乳腺癌是具有很強遺傳背景的惡性腫瘤，現有研究顯示，5-10％的乳腺癌是由遺傳因素導致。目前BRCA1，BRCA2，TP53，PALB2，PTEN，CHEK2，ATM以及RAD50等基因被認定為乳腺癌易感基因[2]，其中BRCA1和BRCA2基因為遺傳性乳腺癌的主要易感基因。研究表明，攜帶有BRCA1和BRCA2基因致病突變的人群在70歲之前發生乳腺癌的概率分別可達40–80％和20–85％[3]。同時被診斷為遺傳性乳腺癌或卵巢癌的患者，發生復發轉移的可能性也高于普通人群。

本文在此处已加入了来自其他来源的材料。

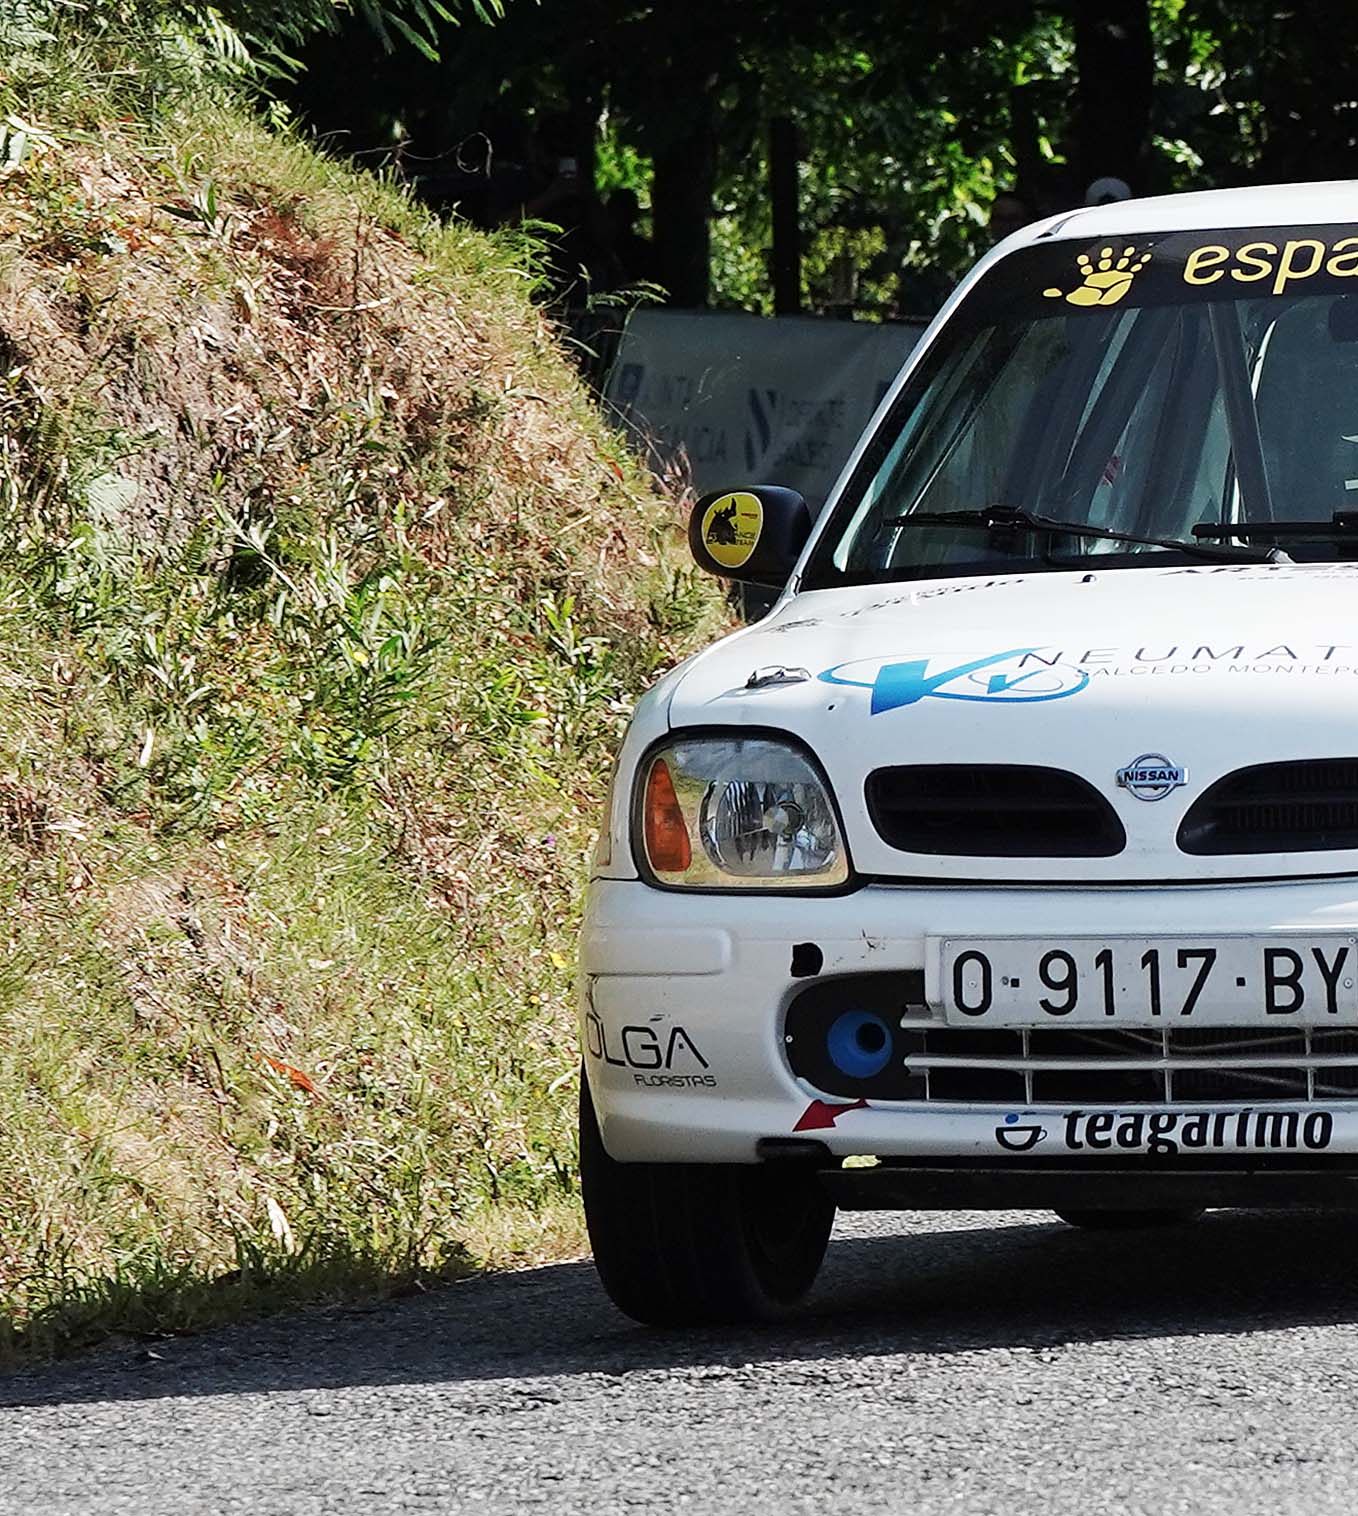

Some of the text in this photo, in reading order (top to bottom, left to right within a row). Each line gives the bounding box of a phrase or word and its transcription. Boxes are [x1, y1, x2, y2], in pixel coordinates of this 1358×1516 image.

[1124, 770, 1178, 782] NISSAN
[1038, 948, 1217, 1017] 9117
[1264, 947, 1349, 1015] BY
[633, 1074, 717, 1087] FLORISTAS

BRCA1和BRCA2屬于抑癌基因，均呈常染色體顯性遺傳，且該基因突變容易引發早年發病。BRCA2基因位于人類染色體13ql2,包含27個外顯子，編碼BRCA2蛋白含3418個氨基酸，對細胞生長的調節有重要作用。BRCA2基因發生突變后表達的蛋白質失去了修復DNA損傷的功能，導致染色體不穩定，促進腫瘤發生。男性BRCA2突變攜帶者終生患前列腺癌，乳腺癌，胰腺癌的概率分別為20％,6％和3％。而女性BRCA2突變攜帶者終生患乳腺癌為26％–84％，卵巢癌的概率為20％。[4]BRCA2基因突變相關的腫瘤往往會表達ER(雌激素受體)與PR(孕激素受體)，與散發性乳腺癌表現出相似的特征。現已經報道的BRCA2突變種類數量多于1800，變異范圍達整個基因的編碼區。主要發生的突變為移碼突變，也會發生大量的錯義突變，但錯義突變大多屬于意義未明變異。因此發現BRCA2新的致病突變，對開展遺傳性乳腺癌的分子診斷具有重要意義[5]。

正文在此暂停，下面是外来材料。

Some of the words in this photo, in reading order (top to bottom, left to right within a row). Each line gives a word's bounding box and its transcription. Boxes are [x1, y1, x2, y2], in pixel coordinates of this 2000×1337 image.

區域捕獲測序是利用特制的DNA序列探針將全基因組中的特定區域捕獲下來，然后針對每個區域進行深度測序的技術，與傳統的連鎖分析、候選基因關聯分析技術相比，區域捕獲測序技術針對基因組內特定目標區域，目標集中，測序深度和精度更高。隨著區域捕獲測序等二代測序技術的廣泛應用，一批新的致病突變基因和新的致病位點被相繼發現，極大地推動了相關疾病及其防治措施的研宄進程。

發明內容

本發明旨在至少解決現有技術中存在的技術問題之一。為此，本發明的一個目的在于提出一種檢測乳腺癌生物標志物的方法。

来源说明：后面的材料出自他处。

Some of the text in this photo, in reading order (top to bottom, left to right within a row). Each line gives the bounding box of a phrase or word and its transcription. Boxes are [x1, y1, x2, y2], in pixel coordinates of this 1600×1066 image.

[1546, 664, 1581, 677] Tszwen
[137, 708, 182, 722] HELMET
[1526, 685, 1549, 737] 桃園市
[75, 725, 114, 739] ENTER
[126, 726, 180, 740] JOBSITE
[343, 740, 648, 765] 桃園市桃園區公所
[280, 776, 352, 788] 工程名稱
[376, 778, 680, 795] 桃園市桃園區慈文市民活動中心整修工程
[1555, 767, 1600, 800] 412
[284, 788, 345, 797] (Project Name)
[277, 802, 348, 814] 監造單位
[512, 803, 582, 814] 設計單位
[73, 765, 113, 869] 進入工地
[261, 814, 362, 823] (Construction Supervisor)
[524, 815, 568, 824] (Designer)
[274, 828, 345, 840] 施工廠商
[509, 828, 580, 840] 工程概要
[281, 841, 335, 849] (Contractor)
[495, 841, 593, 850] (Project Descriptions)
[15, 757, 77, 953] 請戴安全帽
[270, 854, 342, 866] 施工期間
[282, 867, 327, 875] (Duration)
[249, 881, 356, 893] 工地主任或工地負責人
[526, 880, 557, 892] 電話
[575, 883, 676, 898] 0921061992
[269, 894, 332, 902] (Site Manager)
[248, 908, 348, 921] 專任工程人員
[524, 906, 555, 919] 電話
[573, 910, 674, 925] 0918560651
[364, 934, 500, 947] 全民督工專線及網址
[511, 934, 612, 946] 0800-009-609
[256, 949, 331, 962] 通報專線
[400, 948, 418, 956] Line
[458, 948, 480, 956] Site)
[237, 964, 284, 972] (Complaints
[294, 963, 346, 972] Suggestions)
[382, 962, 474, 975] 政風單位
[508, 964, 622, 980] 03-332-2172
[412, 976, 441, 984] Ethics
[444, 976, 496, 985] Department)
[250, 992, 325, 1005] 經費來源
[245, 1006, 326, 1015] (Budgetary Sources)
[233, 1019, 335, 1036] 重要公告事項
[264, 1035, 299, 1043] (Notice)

本發明是基于發明人的下列工作而完成的：發明人通過高通量外顯子組測序聯合候選基因突變驗證的方法確定了乳腺癌的新的致病突變。

在本發明的第一方面，本發明提出了一種分離的核酸。所述分離的核酸與SEQ ID NO：1相比具有c.2389delA突變。其中，SEQ ID NO：1是野生型BRCA2基因的序列，SEQ ID NO：3是突變型BRCA2基因的序列。發明人確定了BRCA2基因突變體，這種新突變體與乳腺癌的發病密切相關，從而通過檢測這種新突變體在生物樣品中是否存在，可以有效地檢測生物樣品是否易患乳腺癌。

在發明的第二方面，本發明提出了一種分離的多肽。所述分離的多肽與SEQ ID NO：2相比具有p.K797SfsX13突變。通過檢測生物樣品中是否表達該多肽，可以有效地檢測生物樣品是否易患乳腺癌。

在本發明的第三方面，本發明提出了一種檢測乳腺癌生物標志物的系統。該系統包括：檢測生物樣本中的BRCA2基因中是否存在c.2389delA突變，其中所述BRCA2基因為SEQ ID NO:1的序列表示，所述存在c.2389delA突變的BRCA2基因為SEQ ID NO:3的序列表示；或者檢測生物樣本中的BRCA2蛋白中是否存在p.K797SfsX13突變，其中所述BRCA2蛋白為SEQ ID NO:2序列表示，所述存在p.K797SfsX13突變的BRCA2蛋白為SEQ ID NO:4的序列表示。